Source: www.firstpost.com
On July 28th 2015, three men in army fatigues crossed in the International border between India and Pakistan into the Punjab region of Gurdaspur that had claimed the lives of 3 civilians and 4 police officers and had left a over a dozen injured. Only last month, Indian media were booming with pride and Indian ministers were giving jingoistic rhetorics to the media, about the change in attitude of the GoI (Government of India) in accordance with the promise of Mr. Modi's government to get tough with Pakistan should there be another attack. However, in my previous post, I argued that it may not be possible for India to repeat the success in Pakistan. I guess, time has to come to prove me wrong... However, the government's less than normal media storm would indicate otherwise... In any case, hot pursuits are to come into effect in less than 72 hours and it is not yet, 72 hours... So we'll wait and see how Mr. Modi's reacts.

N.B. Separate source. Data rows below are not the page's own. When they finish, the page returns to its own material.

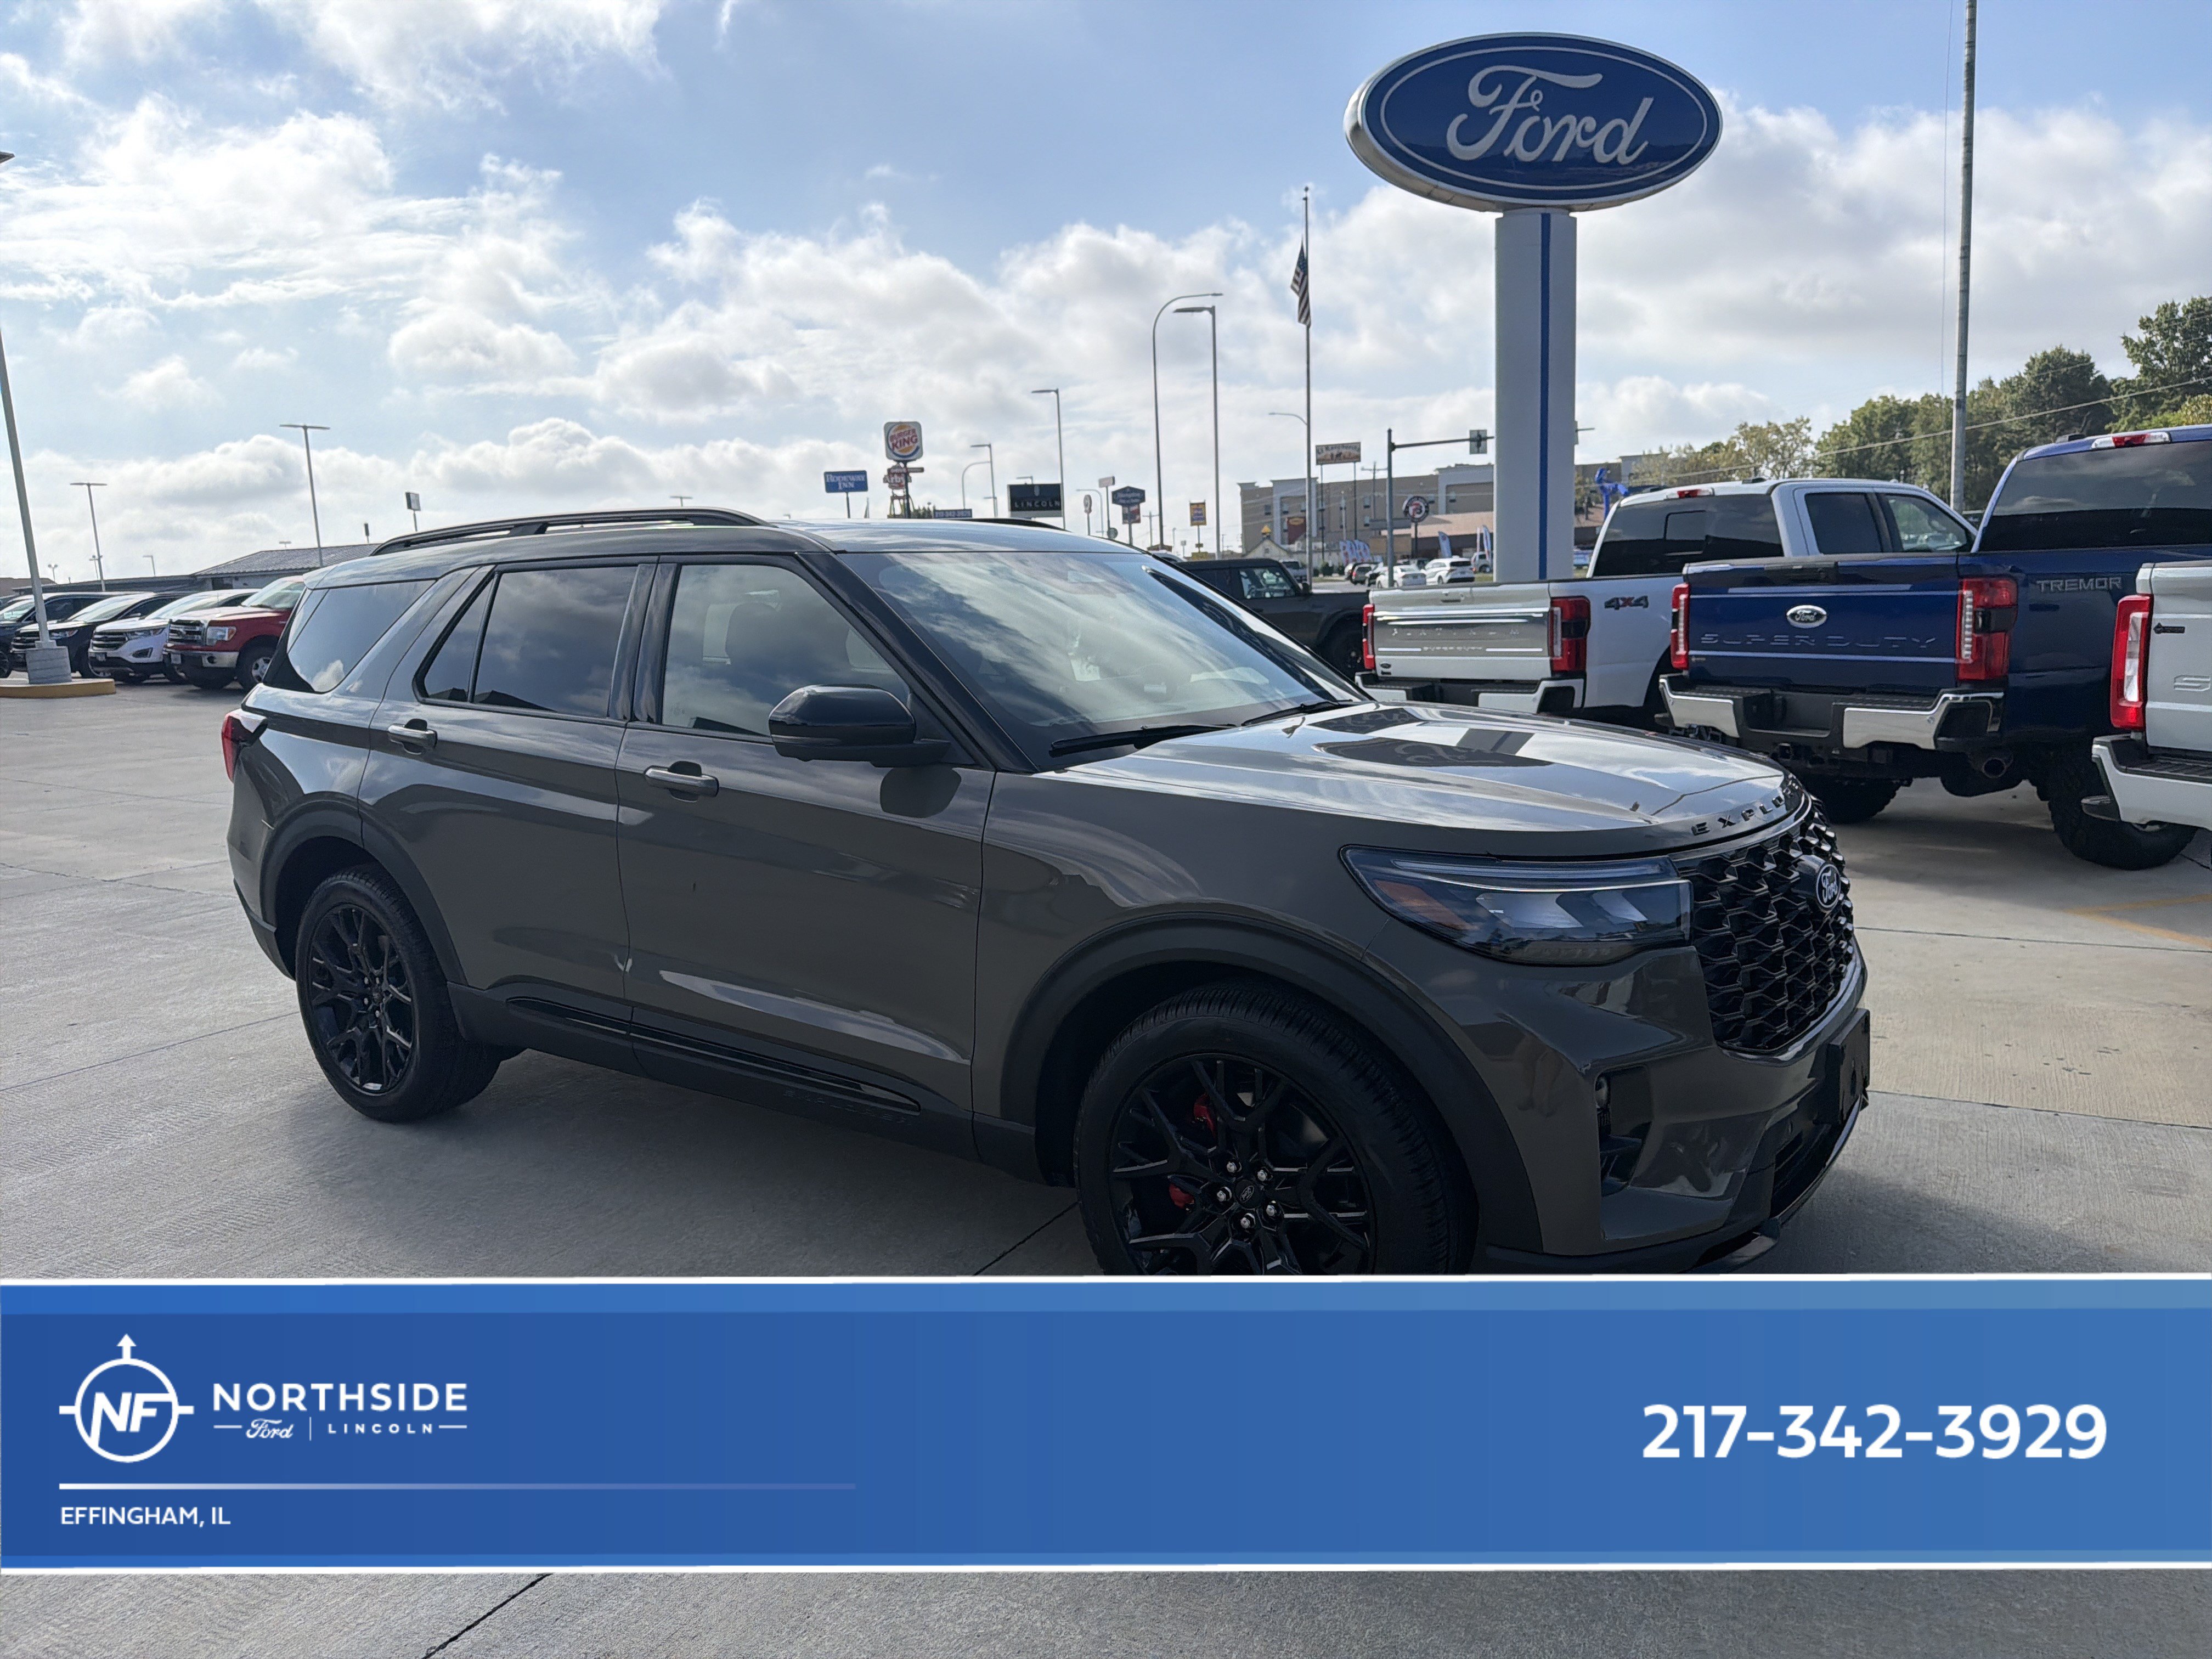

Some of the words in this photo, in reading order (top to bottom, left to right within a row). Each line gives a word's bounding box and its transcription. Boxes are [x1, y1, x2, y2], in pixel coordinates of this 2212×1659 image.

[1447, 65, 1654, 165] Ford
[889, 428, 916, 439] BURGER
[890, 435, 918, 451] KING
[826, 474, 866, 482] RODEWAY
[838, 482, 855, 490] INN
[2036, 577, 2123, 592] TREMOR
[1795, 610, 1818, 623] Ford
[1701, 633, 1815, 646] SUPER
[1826, 635, 1936, 648] DUTY
[1822, 869, 1838, 904] Ford

In the mean time, let look into the attack and the options India has. Though the attack itself is limited in the damage and definitely lacks in scale and media attention compared to 26/11 attack in Mumbai, it has some similarity. Both have used 'fidayeen' style attacks using small arms and in both the cases, there were intelligent inputs on possible attacks that were ignored by the government, concerned. By this attack, Pakistan attempts to:
  1. Discredit Mr. Modi and his government in the international arena as "toothless paper tiger"
  2. Give Congress and Pro-Pakistan lobbies tooth to pressure government that talks are the only forward, while people are well aware that it had only cost their lives and livelihoods
  3. Prove their ability to still carry-out attacks in India from across border, to their dwindling supporters in India and possibly to enlist IS.
It is also highly likely that the attack is the result of the thaw in Indo-pak relations. Whenever, Indo-Pak relation sees a thaw, it had almost always followed by an attack in large or small scale. The best example is the Kargil war in 1999 which immediately followed, within months, after the Lahore summit and the historic bus journey of Mr. Vajpayee in February 1999. Similarly, the Agra Summit in July 2001 was followed by an attack on Indian Parliament in December 2011. Many such examples could be given. In all these cases, one similarity is that the attacks almost always followed within months after a thaw in relations. The current attack too, follows the same pattern. It has happened within months (actually within days...) after Ufa summit. So, one thing is for sure, unless and until Pakistan change it attitude or India grows its tooth, innocent Indians are going to lose their lives every time Indian politicians tries to become Gandhi or fall prey to the Pro-Pakistani (Pro-talk) lobby.

While the pattern of attack stands, what is a mystery to me is why? Is the Pakistani Government taking Indians to be fools or think that Indians cannot fight back as some late Pakistan' President thought, is anyone' guess. It is also likely that Pakistan is run by parallel governments, one that is publicly recognized to take the blame and lose power for the act of the other, which is shadows (at least in legal terms... read Pakistan military). While the first possibility still lacks solid evidence, the history of Pakistan Army over-throwing Pakistan Government one too-many times stands evidence for the second possibility. Even US had to toe Pakistan Army's line to get its work done in Afghanistan. In fact, US bought Pakistan's support for its actions in Afghanistan through its multi-billion dollar aids. And its inability to keep Pakistan Army in check, in spite of these largesse, to do its bidding could be attributed to its not so successful campaign in Afghanistan. 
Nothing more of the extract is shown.